Updated: Feb 10, 2016
 

Practice Essentials

Choledochal cysts are congenital bile duct anomalies (see the image below). These cystic dilatations of the biliary tree can involve the extrahepatic biliary radicles, the intrahepatic biliary radicles, or both.

Computed tomography (CT) scan of choledochal cyst Computed tomography (CT) scan of choledochal cyst involving the common hepatic duct.

Signs and symptoms

Infants with choledochal cysts can present dramatically with the following:

  • Jaundice and acholic stools: In early infancy, may prompt workup for biliary atresia
  • Palpable mass in the right upper quadrant of the abdomen, with hepatomegaly

The clinical manifestations in older children and adults are variable. Children diagnosed with choledochal cysts after infancy typically present with intermittent biliary obstruction or recurrent bouts of pancreatitis with the following features:

  • Biliary obstructive pattern: Palpable right upper quadrant mass and jaundice
  • Primary manifestation of pancreatitis: May pose diagnostic difficulty; patients frequently have only intermittent attacks of colicky abdominal pain (elevated amylase and lipase concentrations lead to the proper diagnostic workup)

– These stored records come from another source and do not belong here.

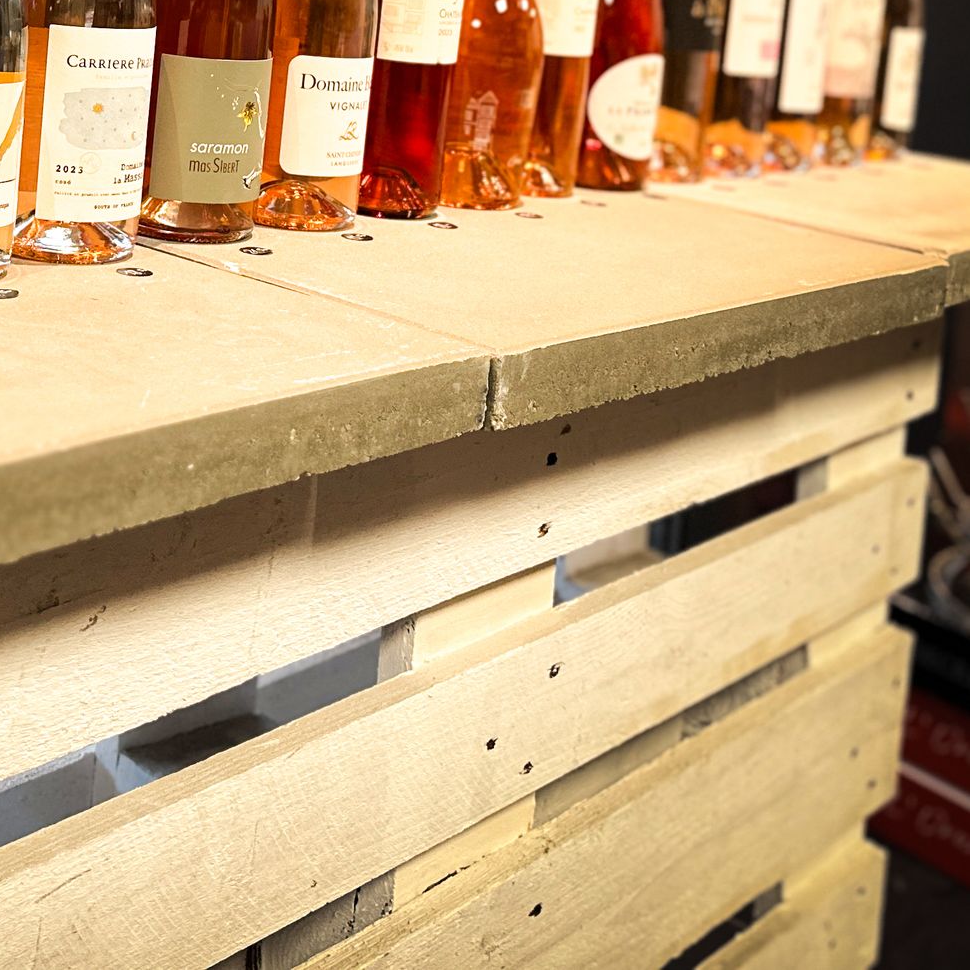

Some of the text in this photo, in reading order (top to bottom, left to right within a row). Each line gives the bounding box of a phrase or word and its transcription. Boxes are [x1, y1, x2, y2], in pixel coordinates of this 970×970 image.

[300, 73, 363, 92] Domaine
[190, 142, 249, 154] saramon
[56, 164, 83, 174] 2023
[189, 160, 211, 173] mas
[124, 172, 143, 183] Mass

The classic triad in adults with choledochal cysts is abdominal pain, jaundice, and palpable right upper quadrant abdominal mass. However, this triad is found in only 10-20% of patients.

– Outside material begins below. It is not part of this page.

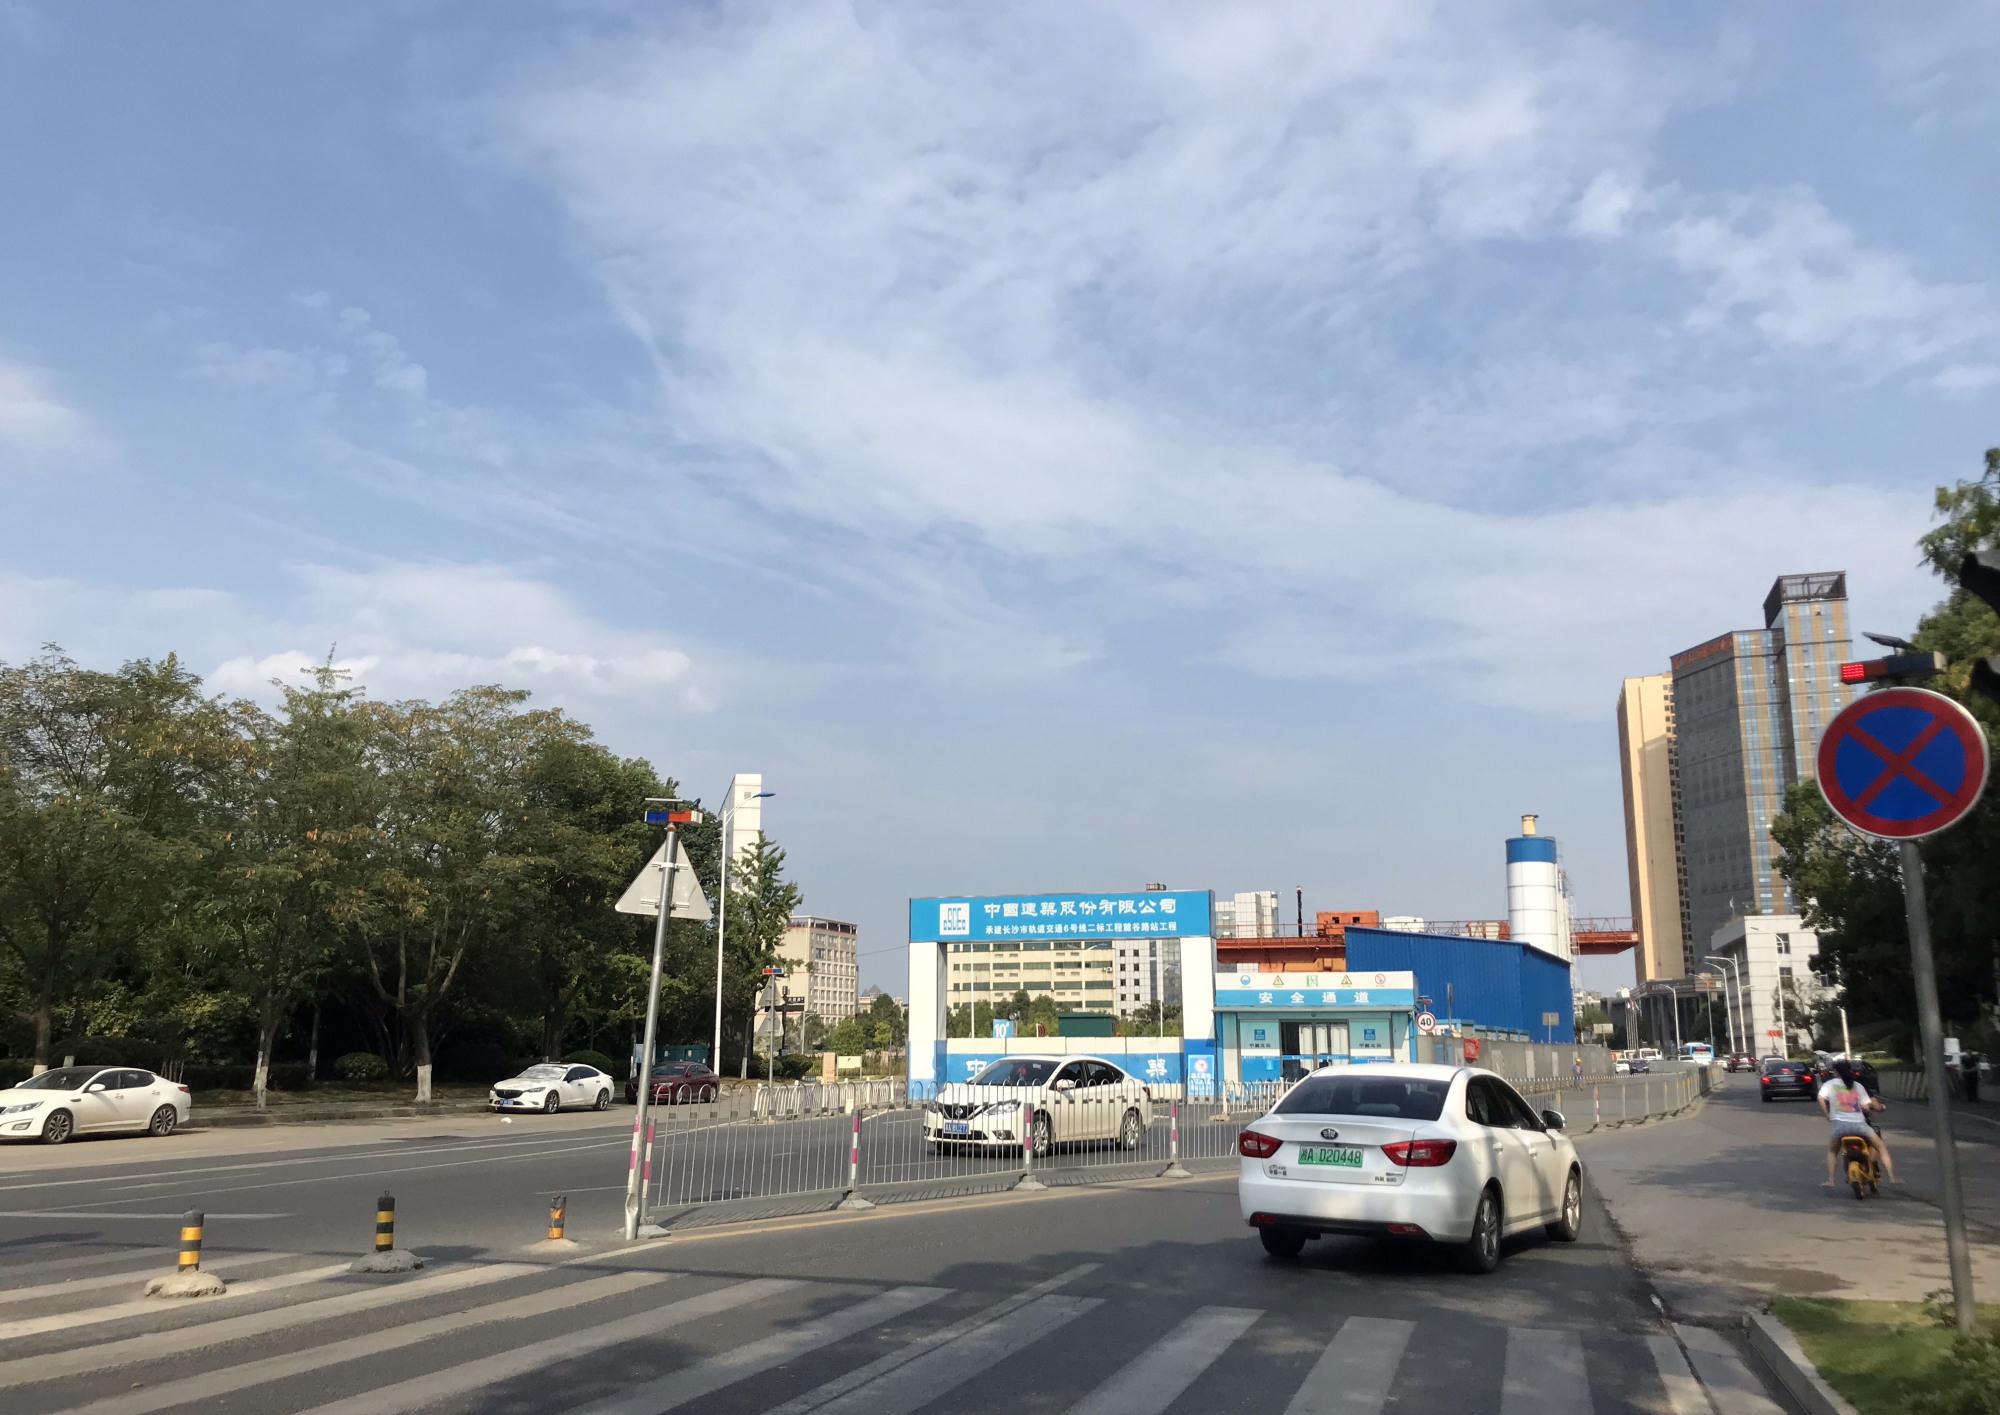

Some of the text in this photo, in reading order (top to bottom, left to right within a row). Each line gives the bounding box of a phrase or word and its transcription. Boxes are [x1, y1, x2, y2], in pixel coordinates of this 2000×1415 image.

Adults may present with the following:

  • Abdominal pain: Most common symptom
  • Vague epigastric or right upper quadrant pain; can develop jaundice or cholangitis
  • One or more severe complications (eg, hepatic abscesses, cirrhosis, portal hypertension, recurrent pancreatitis, cholelithiasis)

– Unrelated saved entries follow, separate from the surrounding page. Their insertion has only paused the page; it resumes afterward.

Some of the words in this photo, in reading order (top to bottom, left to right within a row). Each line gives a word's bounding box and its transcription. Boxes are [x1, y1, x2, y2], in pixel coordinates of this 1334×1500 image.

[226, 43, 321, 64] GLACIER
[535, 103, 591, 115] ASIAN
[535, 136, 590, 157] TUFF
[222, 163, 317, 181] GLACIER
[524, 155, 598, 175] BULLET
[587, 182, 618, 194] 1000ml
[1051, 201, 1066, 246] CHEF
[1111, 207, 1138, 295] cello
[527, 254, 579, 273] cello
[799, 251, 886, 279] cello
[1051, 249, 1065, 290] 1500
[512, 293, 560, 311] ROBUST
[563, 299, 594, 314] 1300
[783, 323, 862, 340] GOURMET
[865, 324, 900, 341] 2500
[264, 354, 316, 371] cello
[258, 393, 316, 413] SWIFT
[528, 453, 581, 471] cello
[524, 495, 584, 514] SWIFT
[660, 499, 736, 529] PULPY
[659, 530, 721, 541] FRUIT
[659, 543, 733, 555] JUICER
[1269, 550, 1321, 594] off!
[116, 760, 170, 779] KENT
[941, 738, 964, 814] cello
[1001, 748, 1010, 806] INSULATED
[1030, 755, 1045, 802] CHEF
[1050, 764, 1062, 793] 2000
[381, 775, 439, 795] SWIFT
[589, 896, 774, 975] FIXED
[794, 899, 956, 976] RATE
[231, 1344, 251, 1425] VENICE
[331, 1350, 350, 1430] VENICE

See Clinical Presentation for more detail.

Diagnosis

Testing

No laboratory studies are specific for the diagnosis of a choledochal cyst, but some may be used to narrow the differential diagnosis. The following tests may be helpful:

  • Complete blood count with differential: Elevated white blood cell count with increased numbers of neutrophils and immature neutrophil forms may be noted in the presence of cholangitis
  • Liver function studies: Elevated hepatocellular enzyme and alkaline phosphatase levels are nonspecific for choledochal cysts
  • Serum amylase and lipase levels: Both may be elevated in the presence of pancreatitis, but they can also be elevated in the presence of biliary obstruction and cholangitis
  • Serum chemistry levels: Results may be abnormal if the patient is vomiting (hypochloremic, hypokalemic metabolic alkalosis)

Imaging studies

The following imaging studies may be used to assess patients with suspected choledochal cysts:

  • Abdominal ultrasonography: Test of choice for the diagnosis of a choledochal cyst; can be useful for antenatal diagnosis [1, 2]
  • Abdominal computed tomography (CT) scanning and magnetic resonance imaging (MRI): Help to delineate the anatomy of the lesion and the surrounding structures; can also assist in defining the presence and extent of intrahepatic ductal involvement
  • Magnetic resonance cholangiopancreatography (MRCP): Useful for defining anomalous pancreatobiliary junctions [3] and pancreatobiliary anomalies [4]

Procedures

Percutaneous transhepatic cholangiography (PTC) and endoscopic retrograde cholangiopancreatography (ERCP) are used to supplement the above noninvasive imaging studies when those studies fail to sufficiently delineate the relevant anatomy.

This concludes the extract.